真・MFC千夜一夜物語 第376話 コリオリ式マスフローの良さが認知されてきました その4

2022年10月04日

マスフローメーター(以下MFM)、マスフローコントローラー(以下MFC、MFMやMFCの総称としてマスフロー) の中で、究極の質量流量計としてDeco推しておりますコリオリ式マスフローが最近日本でもようやくブレイクし始めました。
それはなぜでしょうか?
今週もコリオリ式流量計に関する復習です。

コリオリ力は1835年フランスの物理学者ガスパール=ギュスターヴ・コリオリ(Gaspard-Gustave Coriolis)が発見した回転座標系における慣性力の一種です。
回転系に発生する慣性力としてのコリオリ力を流量検出原理とているのがコリオリ式流量計の流量センサーです。
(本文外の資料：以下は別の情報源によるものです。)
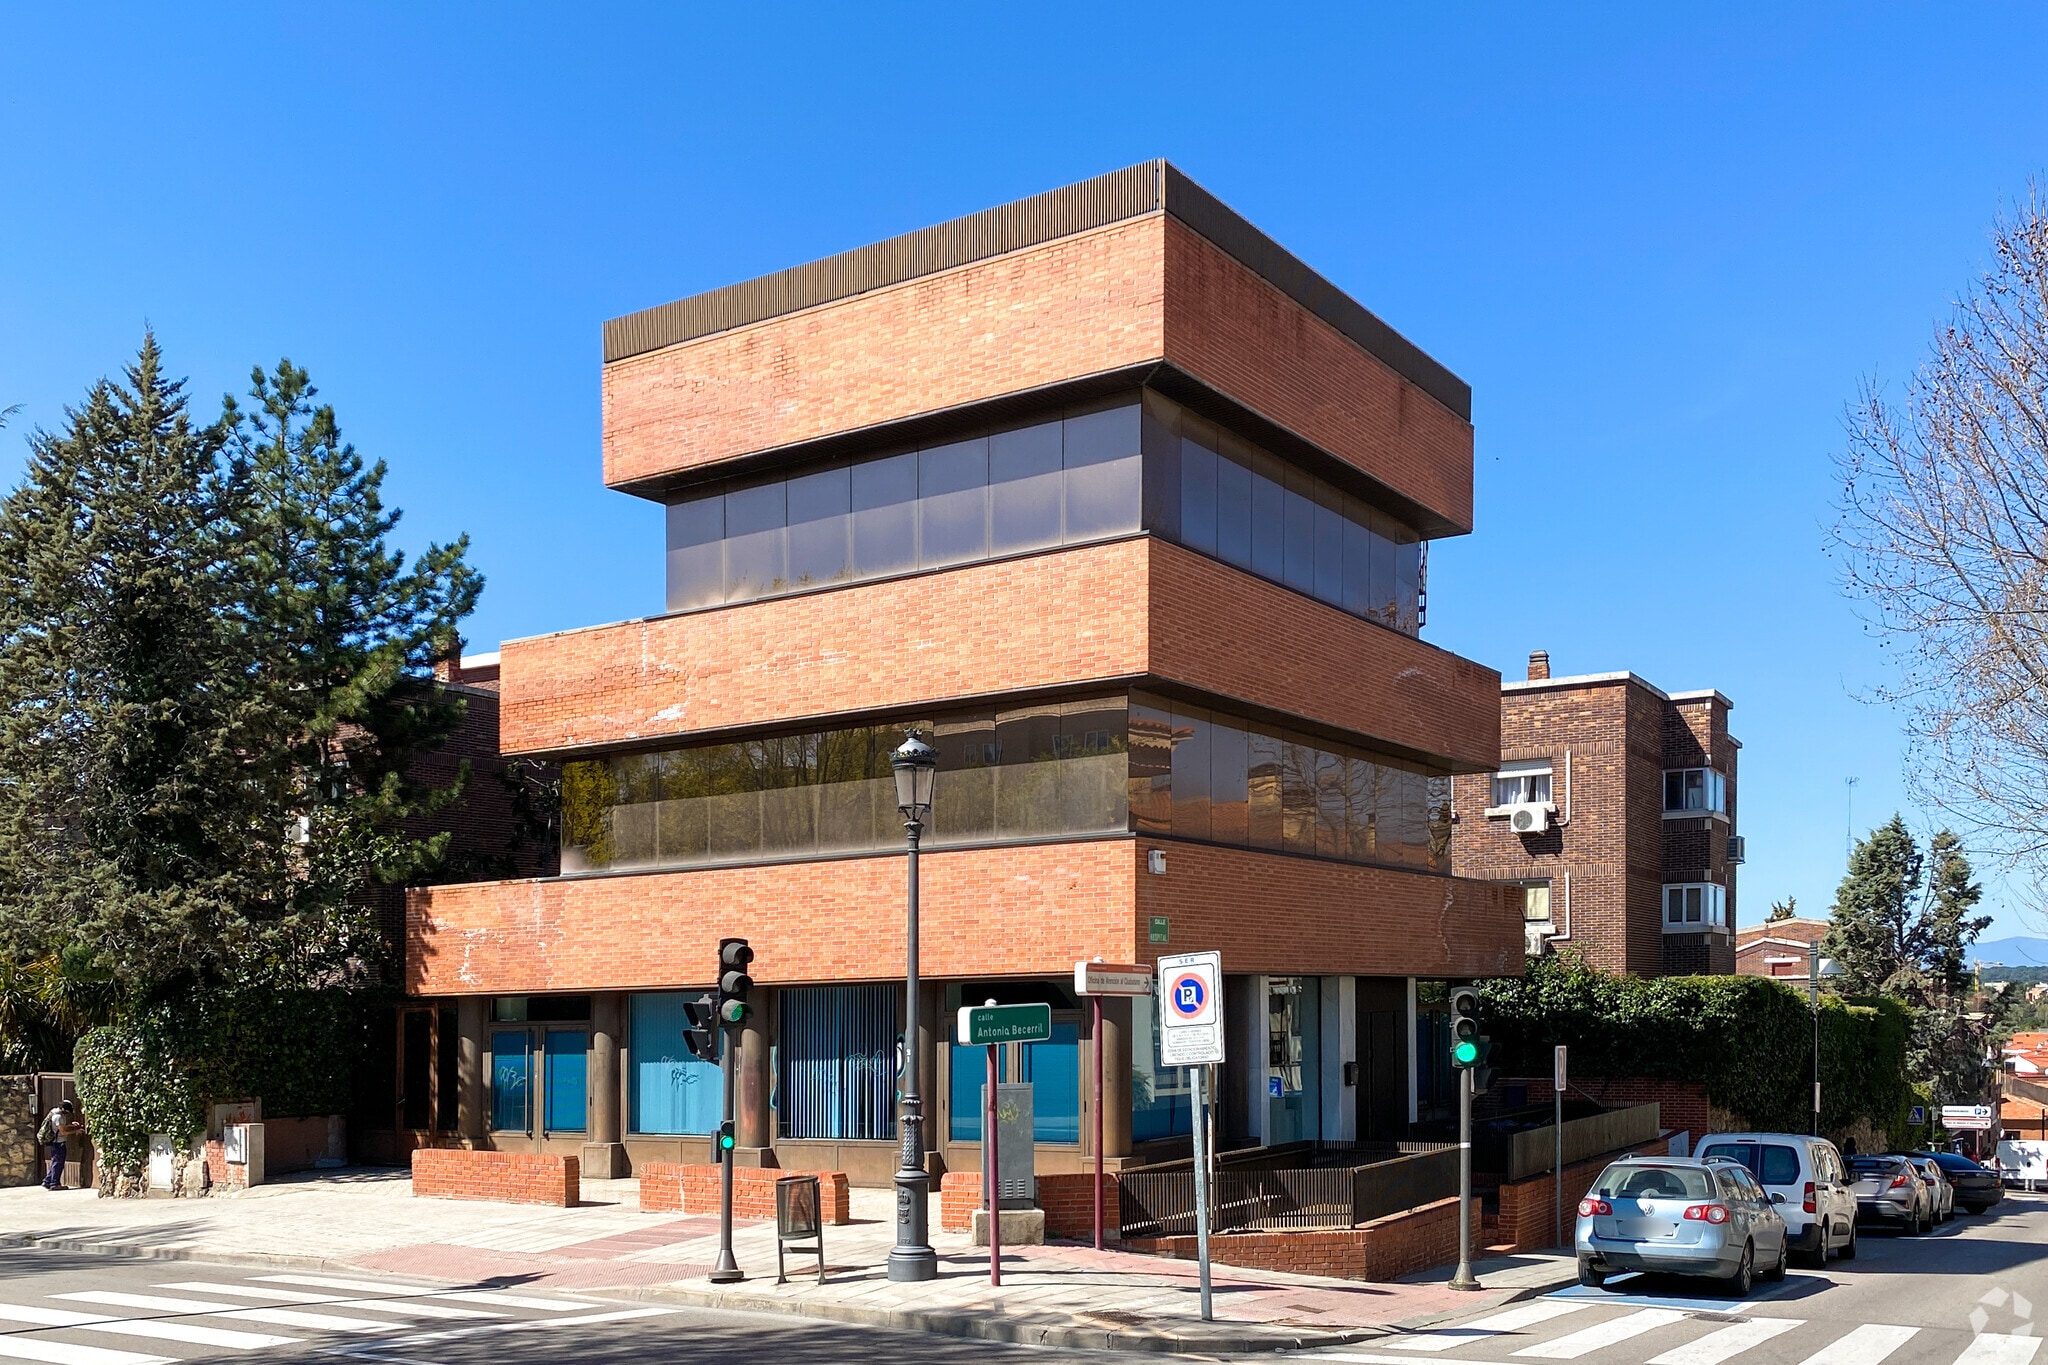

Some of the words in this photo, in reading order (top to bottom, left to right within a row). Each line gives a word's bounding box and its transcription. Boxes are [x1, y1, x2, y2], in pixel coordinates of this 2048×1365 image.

このセンサーでは、配管系を回転させる代わりに振動を与えています。
振動と回転は異なる運動系に見えますが、回転軸に対し垂直方向からフォーカスすると、実は同じ動きをしている運動系であることが理解できます。
コリオリ式流量センサーは、回転系に発生する慣性力であるコリオリ力を取り出す目的で作られた仮想回転系と考えてもいいでしょう。

一般的なコリオリ式流量計の構造は2本のU字型チューブを使用していて、それらを逆位相で振動させます。
流体が流れると質量流量に応じたコリオリ力が作用して、振動する2本のチューブには位相差が発生し、捻れが発生します。
流体が進入する側の左側ではコリオリ力は共に2本のチューブの内側に働き、流体が出る右側は流体の向きが180度変わって外側に働くのです。
ここで流体が流れたときの位相差を測ればコリオリ力、ひいては流体の質量流量を算出できるのですが、実際にそれをリアルタイムで測定するのは難しいです。
そこで左右のチューブが振動の中立点(捻れ角=0位置)を基準点としてそこを通過する時間差Δtを位相差として測定することが多いのです。

【出典:ブロンコスト・ジャパン(株)】

コリオリ式流量計には、チューブを振動させるオシレーター(発振回路)と、左右の捻れを検出するピックアップ(検出回路)が配置されているのが一般的です。
しかし、中にはU字管1本で構成する事も可能であり、今回取り上げたブロンコストのmini CORI-FLOWシリーズは1本で構成されています。
コリオリ力が弱い=流体の質量が小さい場合にセンサーの感度を補うべく開発され2本チューブタイプですが、ブロンコストはそれを図にあるようなチューブの曲げを特殊な形状(通常のコリオリがUやΩの形なのに対して、Ωの上半分を折り曲げて反転させたイメージ)にすることと、光ピックアップの性能向上でクリアしているのです。